Direct conversion of syngas to light olefins (STO) on bifunctional catalysts has garnered significant attention, yet a comprehensive understanding of the reaction pathway and reaction kinetics remains elusive. Herein, we theoretically addressed the kinetics of the direct STO reaction on typical ZnAl₂O₄/zeolite catalysts by establishing a complete reaction network, consisting of methanol synthesis and conversion, water gas shift (WGS) reaction, olefin hydrogenation, and other relevant steps. The WGS reaction occurs very readily on ZnAl₂O₄ surface whereas which is less active towards alkane formation via olefin hydrogenation, and the latter can be attributed to the characteristics of the H₂ heterolytic activation and the weak polarity of olefins.
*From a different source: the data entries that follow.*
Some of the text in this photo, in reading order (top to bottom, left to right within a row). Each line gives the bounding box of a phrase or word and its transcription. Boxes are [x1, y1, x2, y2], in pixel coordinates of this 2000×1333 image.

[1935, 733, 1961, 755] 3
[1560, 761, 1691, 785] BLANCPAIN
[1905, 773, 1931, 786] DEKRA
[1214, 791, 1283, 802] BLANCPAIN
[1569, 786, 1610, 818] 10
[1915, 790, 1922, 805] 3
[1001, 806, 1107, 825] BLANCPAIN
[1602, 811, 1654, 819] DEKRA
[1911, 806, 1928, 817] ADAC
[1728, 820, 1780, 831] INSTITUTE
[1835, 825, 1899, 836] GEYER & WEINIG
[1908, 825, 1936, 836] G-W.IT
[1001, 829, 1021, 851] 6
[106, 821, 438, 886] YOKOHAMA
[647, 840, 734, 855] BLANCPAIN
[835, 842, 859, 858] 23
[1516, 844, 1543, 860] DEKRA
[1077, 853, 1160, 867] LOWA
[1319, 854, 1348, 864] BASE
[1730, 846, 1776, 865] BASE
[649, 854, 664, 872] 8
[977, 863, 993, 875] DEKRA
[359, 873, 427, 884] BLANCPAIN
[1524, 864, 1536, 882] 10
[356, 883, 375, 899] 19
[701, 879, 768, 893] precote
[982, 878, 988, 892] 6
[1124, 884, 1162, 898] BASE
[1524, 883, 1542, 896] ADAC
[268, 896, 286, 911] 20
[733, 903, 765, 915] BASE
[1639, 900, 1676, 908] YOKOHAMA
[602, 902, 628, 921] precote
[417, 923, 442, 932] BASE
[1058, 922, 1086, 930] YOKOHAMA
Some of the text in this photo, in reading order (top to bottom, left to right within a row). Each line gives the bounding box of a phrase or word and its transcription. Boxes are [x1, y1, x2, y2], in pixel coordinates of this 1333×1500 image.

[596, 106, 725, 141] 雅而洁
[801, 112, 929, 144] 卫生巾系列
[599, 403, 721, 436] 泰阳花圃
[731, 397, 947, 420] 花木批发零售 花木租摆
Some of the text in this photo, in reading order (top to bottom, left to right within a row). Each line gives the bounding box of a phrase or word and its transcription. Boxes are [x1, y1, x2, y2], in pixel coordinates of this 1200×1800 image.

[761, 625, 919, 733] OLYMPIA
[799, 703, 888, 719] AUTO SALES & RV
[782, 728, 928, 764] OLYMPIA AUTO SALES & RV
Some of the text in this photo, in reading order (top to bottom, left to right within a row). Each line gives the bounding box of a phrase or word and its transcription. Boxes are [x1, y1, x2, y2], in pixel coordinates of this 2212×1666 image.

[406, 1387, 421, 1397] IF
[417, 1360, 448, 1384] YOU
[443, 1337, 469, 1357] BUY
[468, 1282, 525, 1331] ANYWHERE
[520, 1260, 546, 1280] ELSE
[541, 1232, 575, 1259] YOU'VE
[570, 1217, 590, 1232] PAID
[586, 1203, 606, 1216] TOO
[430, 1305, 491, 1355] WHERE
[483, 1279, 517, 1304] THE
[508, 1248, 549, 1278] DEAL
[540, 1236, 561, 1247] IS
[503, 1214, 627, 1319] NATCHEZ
The driving effect of zeolite component towards CO conversion was demonstrated by microkinetic simulations, which is sensitive to reaction conditions like space velocity and reaction temperature. Under a fixed ratio of active sites between oxide and zeolite components, the concept of the “impossible trinity” of high CO conversion, high olefin selectivity, and high space velocity can thus be manifested. This work thus provides a comprehensive kinetic picture on the direct STO conversion, offering valuable insights for the design of each component of bifunctional catalysts and the optimization of reaction conditions.